*WHAT THE EXERCISE ASKS*
When copying the records below, keep every word as it is and drop the images.

*TASK INPUT*
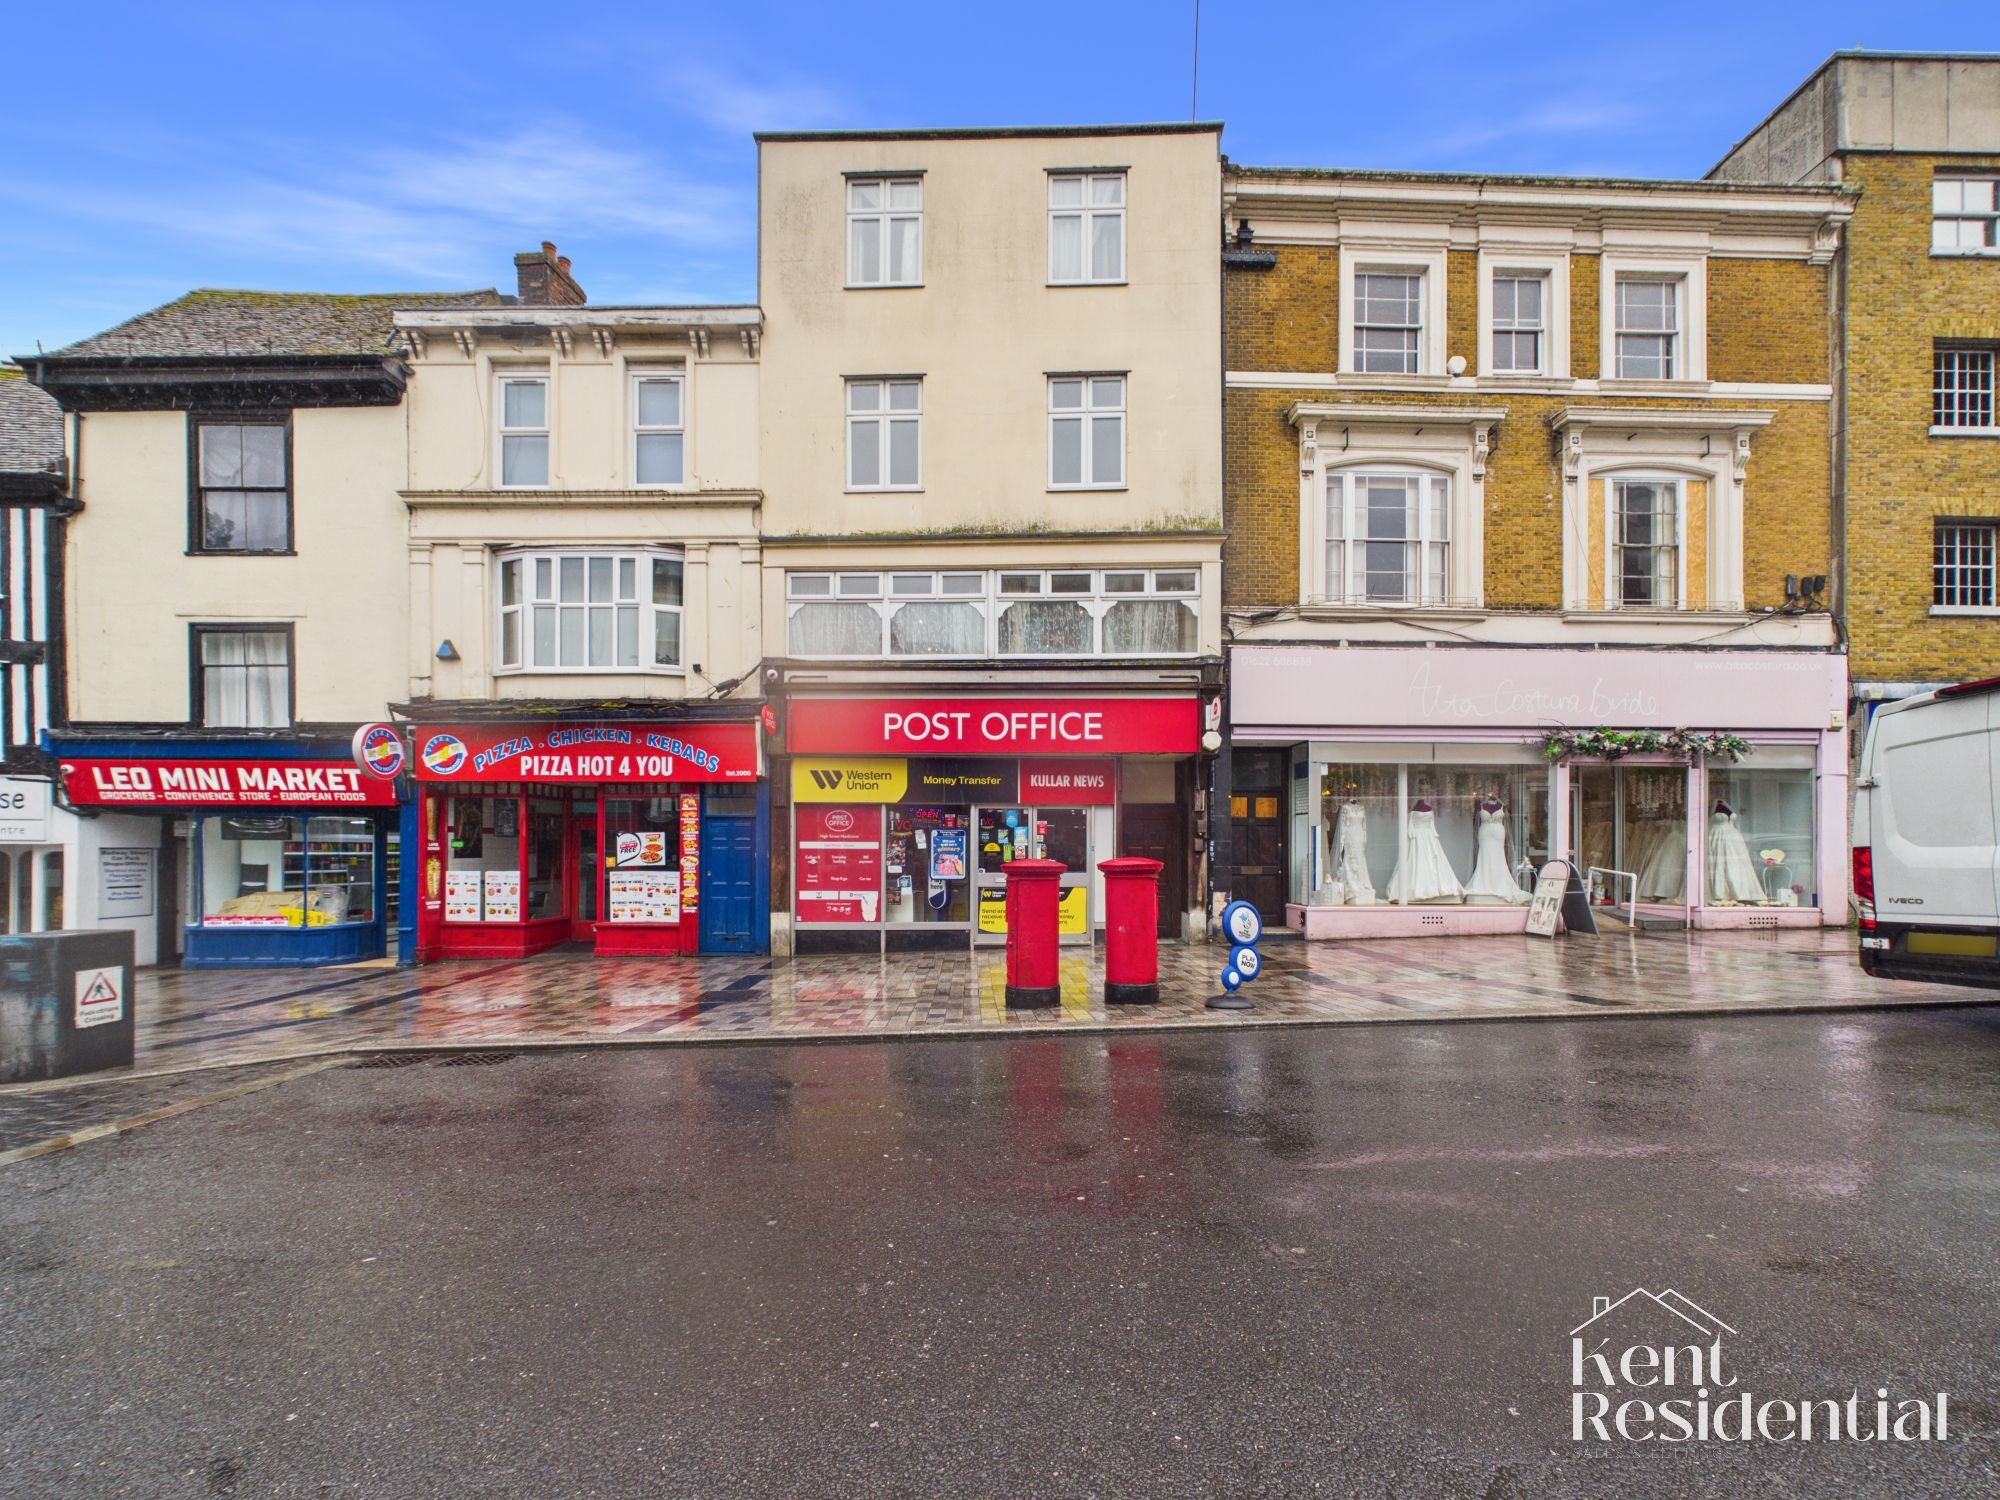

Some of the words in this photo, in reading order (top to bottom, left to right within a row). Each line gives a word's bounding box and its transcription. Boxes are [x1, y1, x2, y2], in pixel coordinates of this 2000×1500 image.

[1494, 679, 1588, 714] Costura
[1591, 677, 1657, 718] Bride
[884, 712, 971, 741] POST
[981, 712, 1104, 741] OFFICE
[473, 736, 534, 773] PIZZA
[547, 728, 631, 748] CHICKEN
[647, 733, 720, 773] KEBABS
[520, 756, 573, 776] PIZZA
[577, 756, 614, 776] HOT
[618, 756, 631, 776] 4
[636, 756, 673, 776] YOU
[92, 767, 153, 790] LEO
[158, 767, 231, 791] MINI
[236, 767, 361, 791] MARKET
[846, 770, 892, 780] Western
[923, 775, 957, 786] Money
[958, 775, 1001, 785] Transfer
[1030, 775, 1070, 787] KULLAR
[1073, 775, 1104, 788] NEWS
[846, 781, 879, 790] Union
[99, 791, 156, 800] GROCERIES
[165, 792, 236, 801] CONVENIENCE
[239, 792, 271, 801] STORE
[280, 792, 332, 801] EUROPEAN
[334, 792, 367, 801] FOODS
[1241, 960, 1255, 969] NOW

*OUTPUT BELOW*
Some of the words in this photo, in reading order (top to bottom, left to right within a row). Each line gives a word's bounding box and its transcription. Boxes are [x1, y1, x2, y2], in pixel coordinates of this 2000×1500 image.

[1494, 679, 1588, 714] Costura
[1591, 677, 1657, 718] Bride
[884, 712, 971, 741] POST
[981, 712, 1104, 741] OFFICE
[473, 736, 534, 773] PIZZA
[547, 728, 631, 748] CHICKEN
[647, 733, 720, 773] KEBABS
[520, 756, 573, 776] PIZZA
[577, 756, 614, 776] HOT
[618, 756, 631, 776] 4
[636, 756, 673, 776] YOU
[92, 767, 153, 790] LEO
[158, 767, 231, 791] MINI
[236, 767, 361, 791] MARKET
[846, 770, 892, 780] Western
[923, 775, 957, 786] Money
[958, 775, 1001, 785] Transfer
[1030, 775, 1070, 787] KULLAR
[1073, 775, 1104, 788] NEWS
[846, 781, 879, 790] Union
[99, 791, 156, 800] GROCERIES
[165, 792, 236, 801] CONVENIENCE
[239, 792, 271, 801] STORE
[280, 792, 332, 801] EUROPEAN
[334, 792, 367, 801] FOODS
[1241, 960, 1255, 969] NOW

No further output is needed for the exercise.